I had my second (Pfizer) vaccination last week. How nice it would be if the vaccine cured the CFS while it was at it. :)
+Dorothy J Heydt
Excellent news that you're vaccinated!
Curing CFS right away, alas no, or at least nigh-miraculous if it happens, but there are apparently some folks looking at CFS, Lyme disease, and a few more of the novel tick-borne diseases getting thoughtful looks about the RNA delivery mechanism Pfizer and Moderna are using. And COVID is at least going to be grounds for a lot more research effort to understand long-term viral consequences, so we may hope something useful comes of that sooner rather than later.
A close friend of mine has been a cancer/genetic researcher for decades, and he is almost wild-eyed at the breakthroughs that have been happening with the global push for a COVID vaccine.

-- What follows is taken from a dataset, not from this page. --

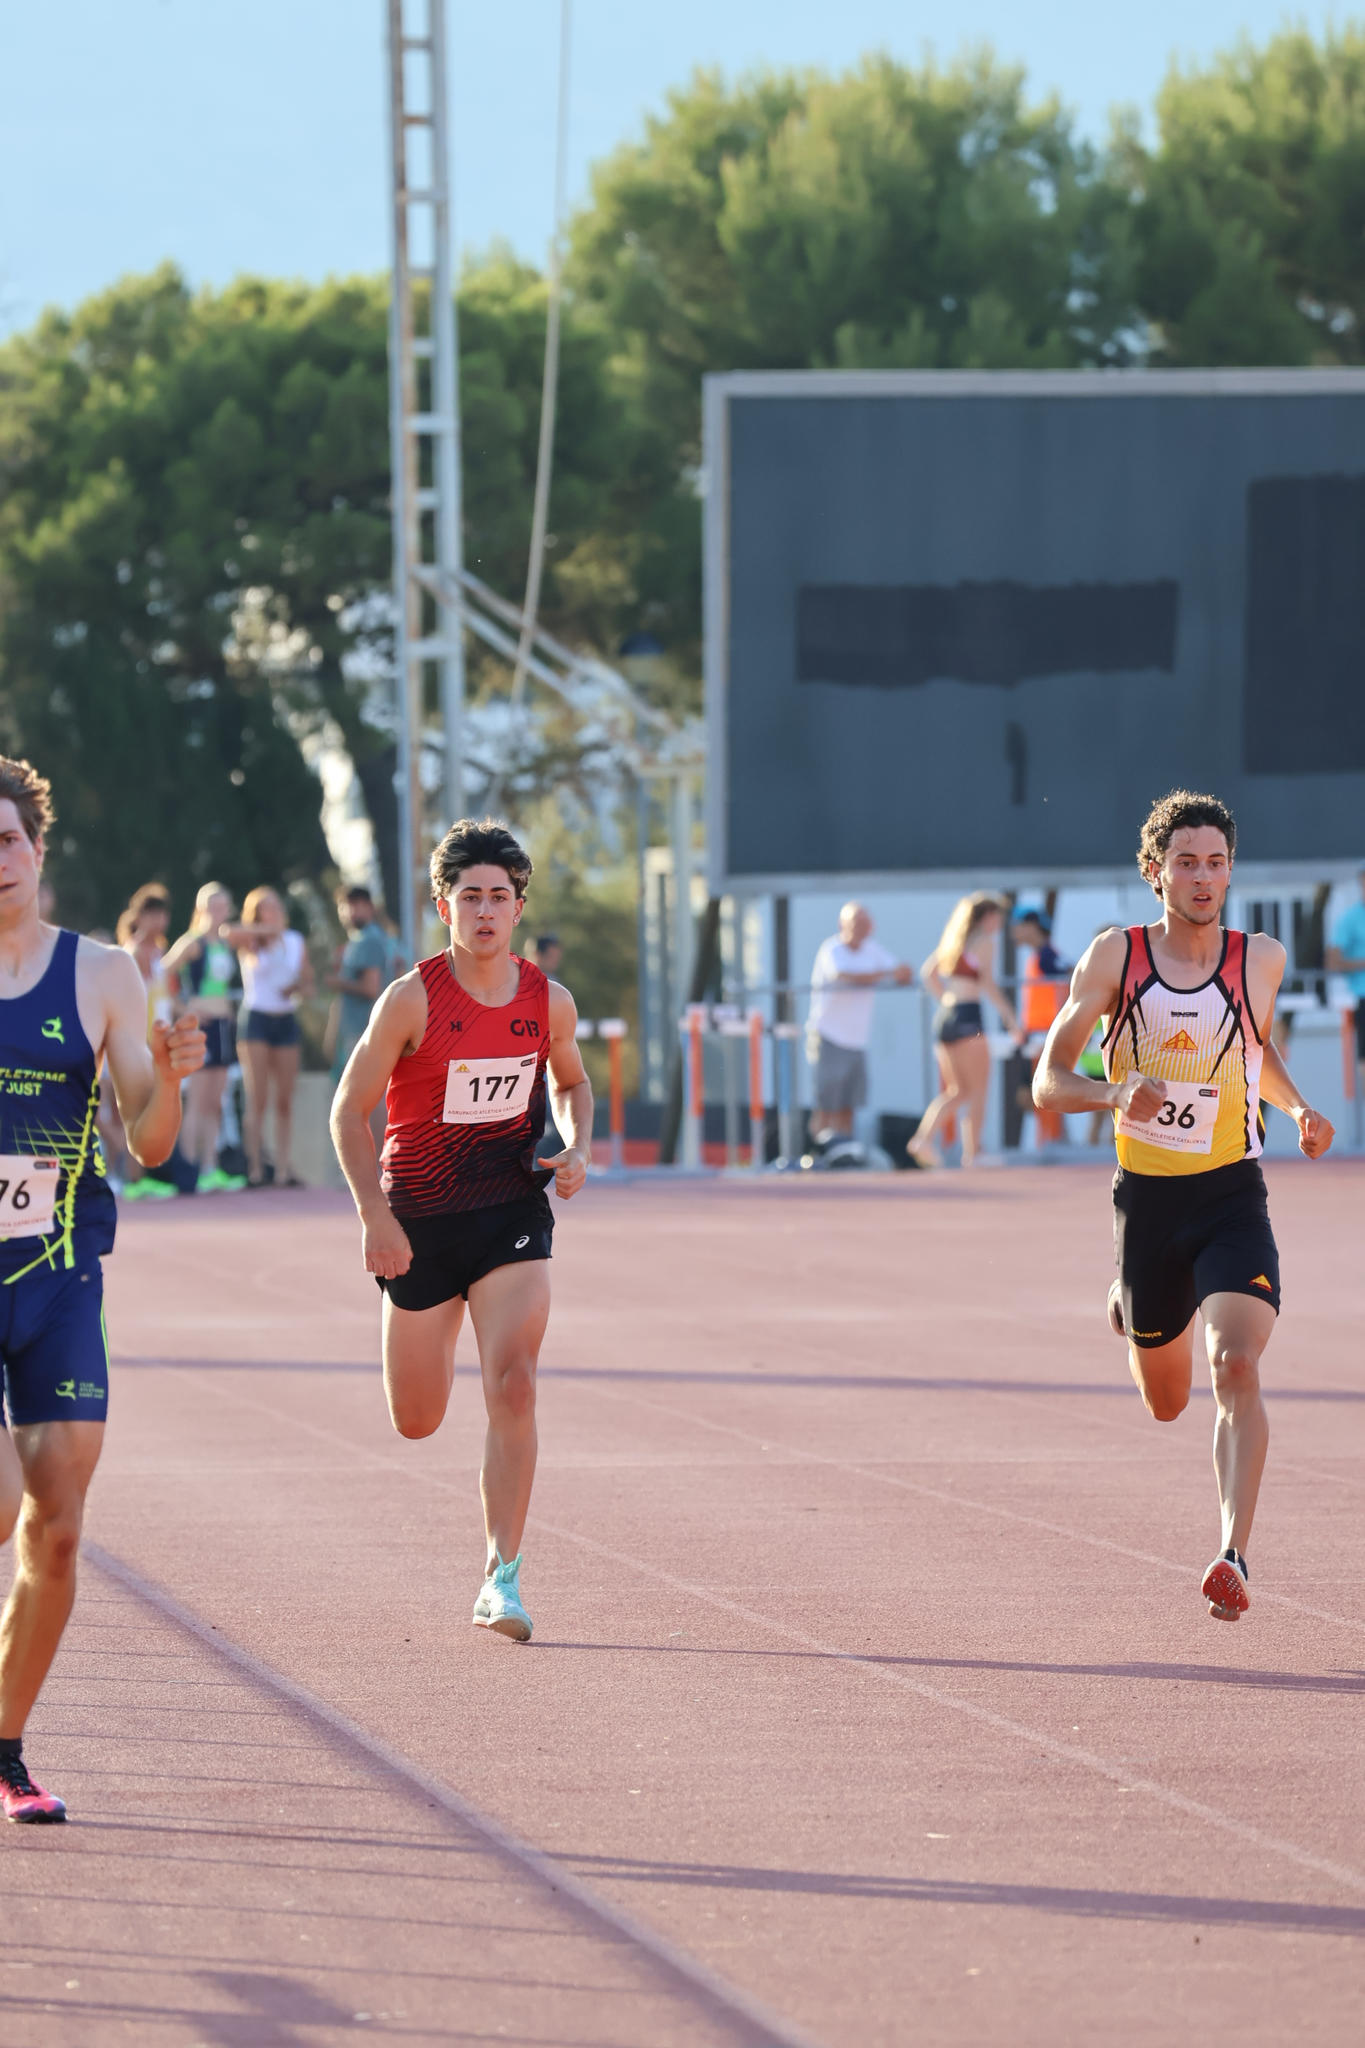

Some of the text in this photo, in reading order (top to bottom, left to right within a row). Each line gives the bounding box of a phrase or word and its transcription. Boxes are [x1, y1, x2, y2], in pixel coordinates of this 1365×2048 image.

[6, 1081, 42, 1096] JUST
[468, 1074, 520, 1103] 177
[1157, 1100, 1196, 1130] 36

Most particularly he is excited at the very real prospect of vaccines for a variety of cancers that were in the realm of SF until this past year.
+arborman
I recall seeing as completely non-COVID medical news that there's a trial of adult in-situ somatic cell genetic modification going on, to correct some particular cause of blindness.

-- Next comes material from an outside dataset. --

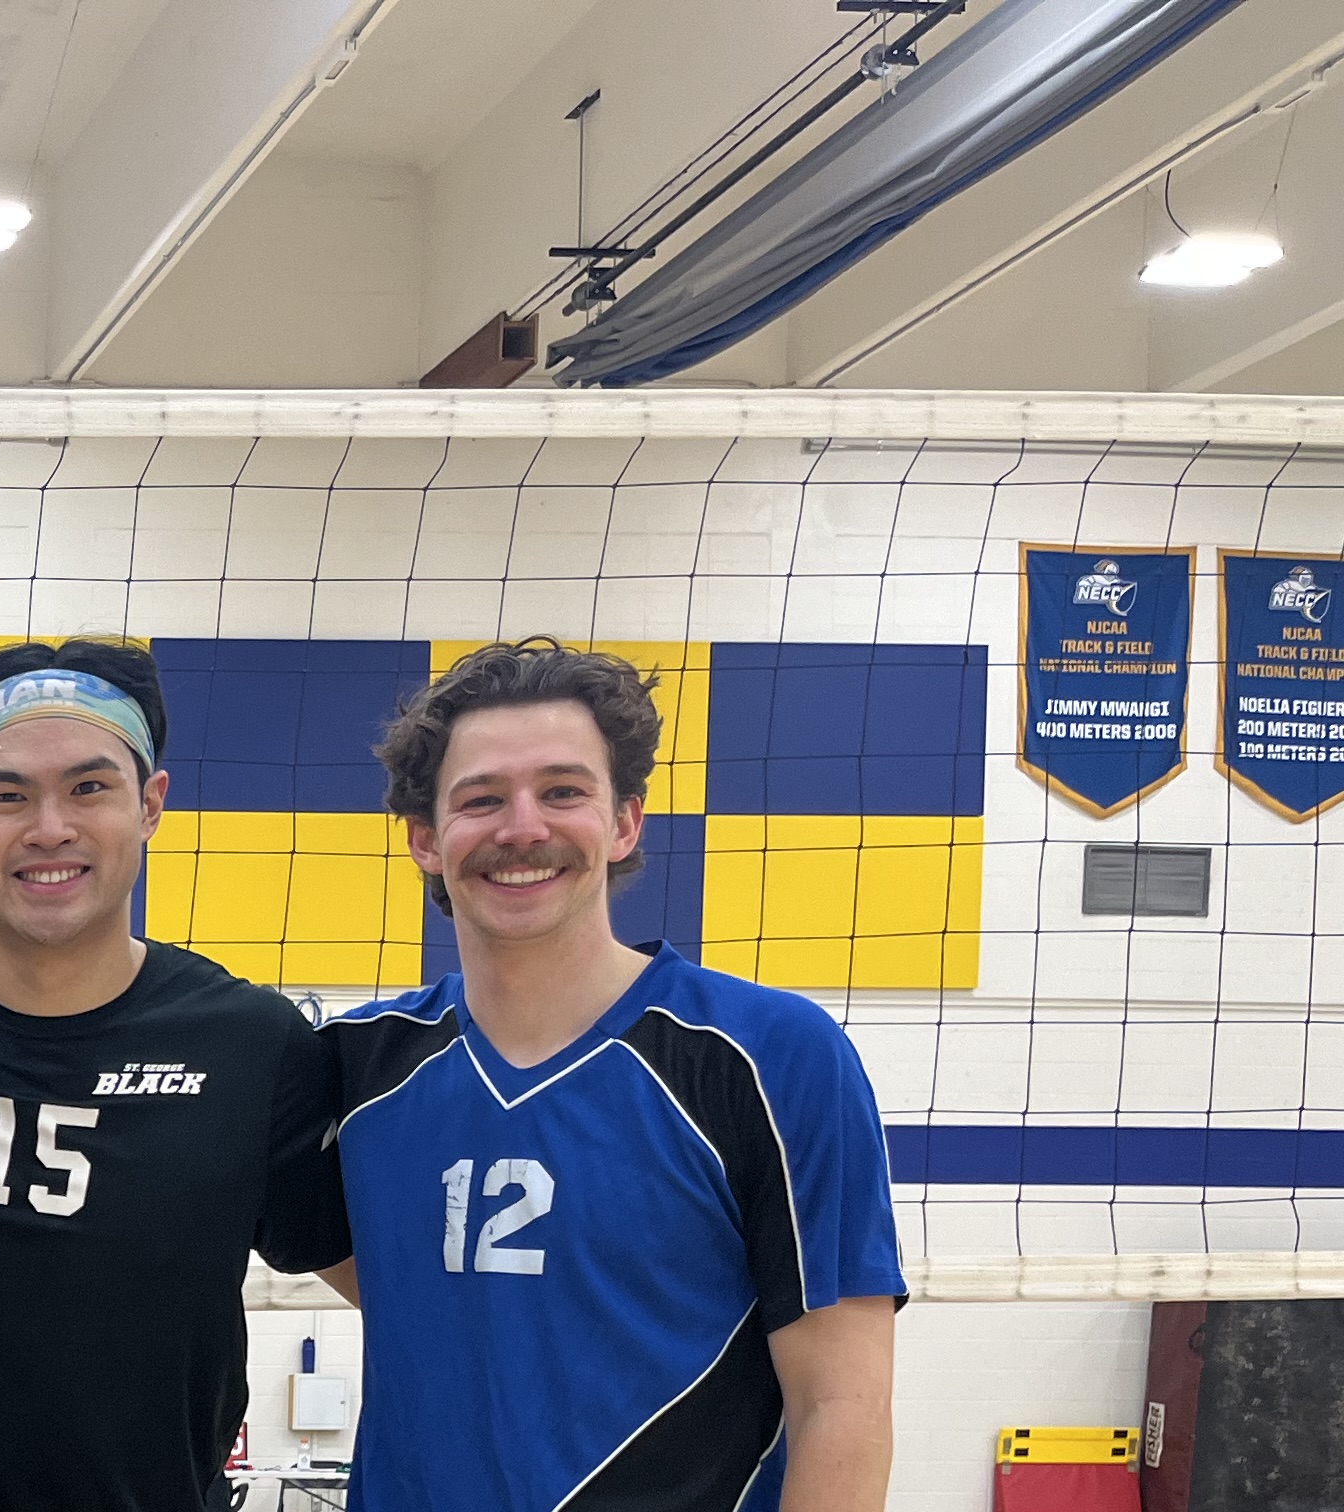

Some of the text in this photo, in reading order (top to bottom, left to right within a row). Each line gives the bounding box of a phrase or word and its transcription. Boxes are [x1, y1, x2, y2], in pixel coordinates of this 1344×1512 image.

If we can collectively keep from starving, we're on the brink of an age of wonders.
+OGH
Hasn't it always been the case? Most of our childhoods were spent with the near certainty of sudden nuclear annihilation on the whim of others, while at the same time seeing earth shaking advances in technology and science. At least the childhoods for those of us who came of age in the 20th century.
Now we are on the brink of climate collapse while also seeing earth shaking advances in tech and science - especially medicine, but other realms as well.
I am at root an optimist (harder now than 25 years ago, but not I suspect harder than in 1943 or 1916).